第8話 貴方が選んだ人間は
私はいつも同じ時間に目を覚ます。そしてカーテンを開き、太陽の位置を確かめて……ちょっぴりホームシックに陥る。
私が目を覚ますのは、いつも忠さんの朝食の準備の音が合図だった。
「元の世界に帰るなら、ラインハルトと……」
昨日のアマリの台詞が頭に浮かんで、脳裏にラインハルトの姿を描く。あのトカゲニンゲンが、私が帰る為の手がかりなのか。
同時にあの下手糞な笑みを思い出して、変な顔だとくすりと笑ってしまった。
朝食の席に向かっていると、反対側からアルフレドがやって来た。彼は片手を上げて(恐らくあれは挨拶だ)、私の肩を軽く叩いた後、エスコートの為に腕を差し出した。
「おはよう御座います。アルフレドは最近早いですね」
「おう」
「最近は朝のお仕事が多いんですか?」
アルフレドの輪郭が軽く変化する。微笑んだようだった。
「相変わらず鈍い奴だ。お前と一緒に居てぇからだよ」
「……?」
私と一緒に居る為? アニマルセラピーとかいう奴だろうか?
頬をぶにゅ、と突かれ困惑したままの私を引っ張ることもせず、私が歩き出すのに合わせてアルフレドはダイニングルームへ向う。

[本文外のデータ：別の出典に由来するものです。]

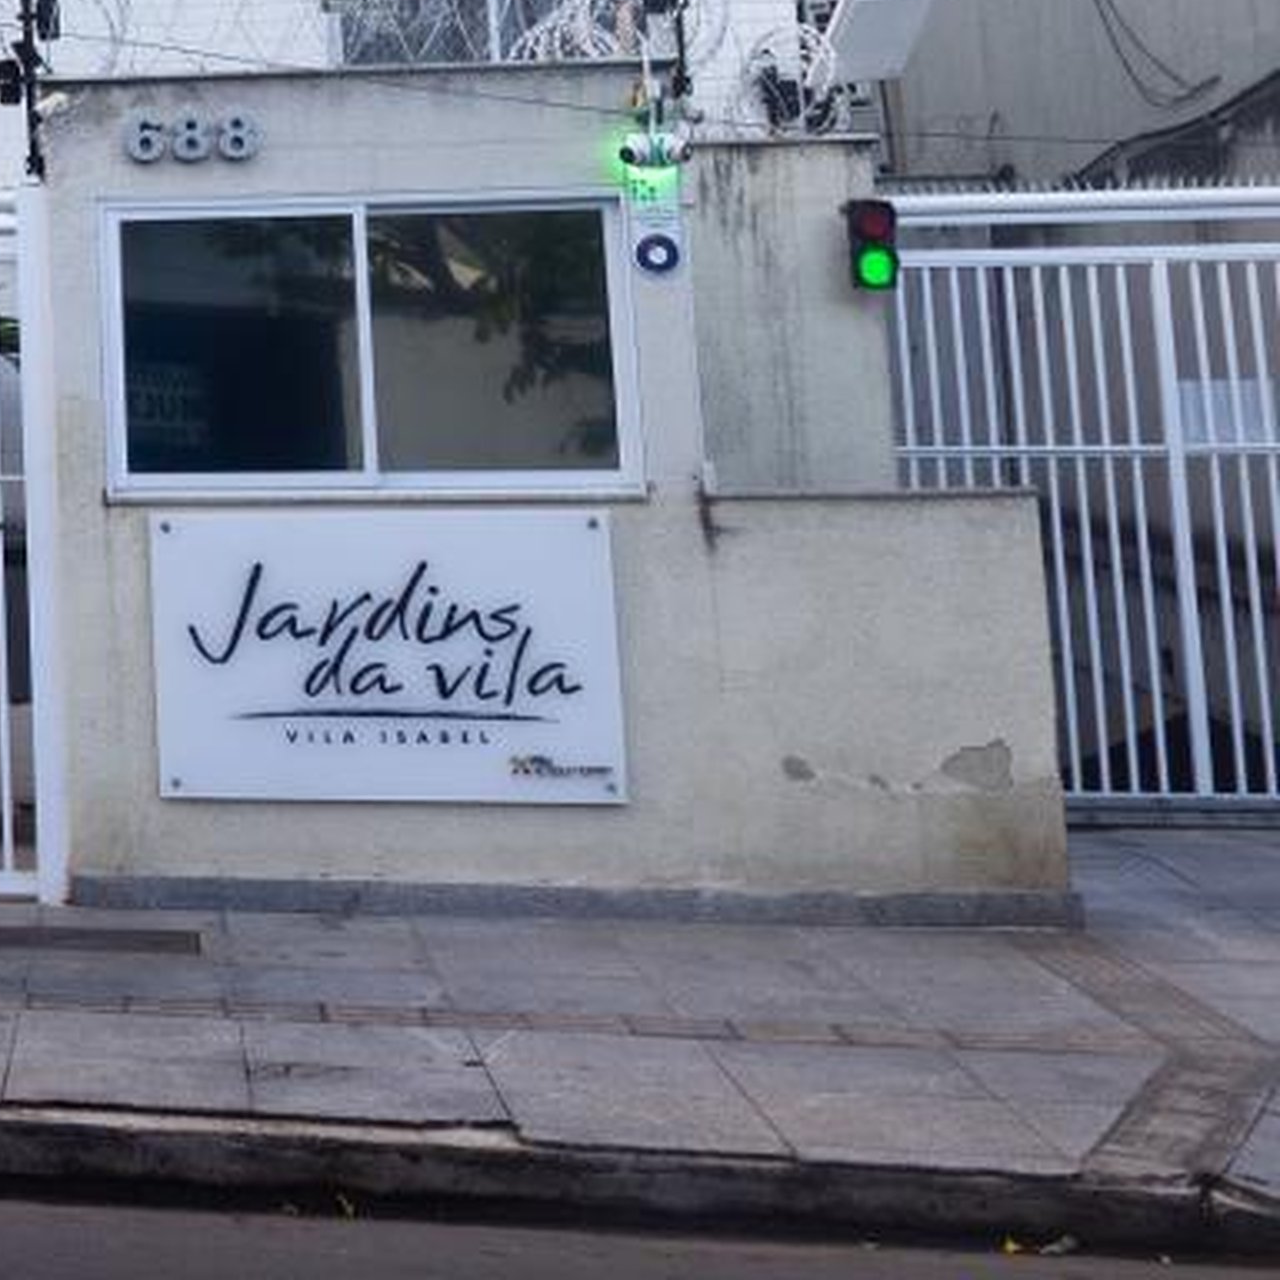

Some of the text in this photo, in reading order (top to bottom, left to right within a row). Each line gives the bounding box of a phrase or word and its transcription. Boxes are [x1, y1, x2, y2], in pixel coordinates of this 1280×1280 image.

[127, 107, 263, 163] 688
[188, 561, 522, 664] Jardins
[303, 627, 583, 706] da vila
[286, 730, 491, 745] VILA ISABEL

廊下には様々な調度品が置いてあり、興味を示すたび、彼はどの国がどんな理由で贈ってきたのかを語ってくれた。
「アルフレドは国を大切にしているんですね」
「まあな、俺が直にトップに立つ場所だ。何処よりもスッゲー国にしてぇんだよ」
彼は得意げに胸を反らせる。言葉の端々から誇りが伝わってきて、私はその矜持に感心する。私も忠さんの為にスッゲートカゲになりたいものである。
食事が始まると、アルフレドは私の食器捌きを褒めてくれた。思わず微笑んで「アルフレドのお陰です。ありがとうございます」と言うと、彼は何故か赤面してしまった。どうやら思っていたよりもシャイな人間らしい。お礼を言われて照れているようだった。
今日は税についての授業で、私は忠さんの「また消費税上がっちゃうかー、辛いなー」という独り言の意味が理解できるのだとわくわくしていたのだが、フィトは何故か教材を用意していなかった。
「国王様が貴方をお呼びしていたじゃないですか。今日は午後から儀式を行うんでしょう。最近祝福の力が薄れているようで。だから今日はちょっとしたお話しか出来ません」
「そんな……。授業、楽しみにしていたんです。税のお話は出来ないんですか?」
「そう簡単に語れる内容でもありませんから……」
私は何とか話を聞きたくて、フィトが二度目に名前を教えてくれた時、彼がしたのと同じように、彼の両手をぎゅっと握った。
「どうしても駄目ですか……?」
「そ、そんな目をしても……駄目です!」
どうやら駄目らしい。私はしょんぼりするが、廊下からフィトの言うことを裏付けるように、普段は王様に付いている侍女の足音が聞こえたので、未練を何とか断ち切った。
大抵のことはお願いすればお強請りを聞いてくれるフィトだが、今回はやっぱり駄目なようだ。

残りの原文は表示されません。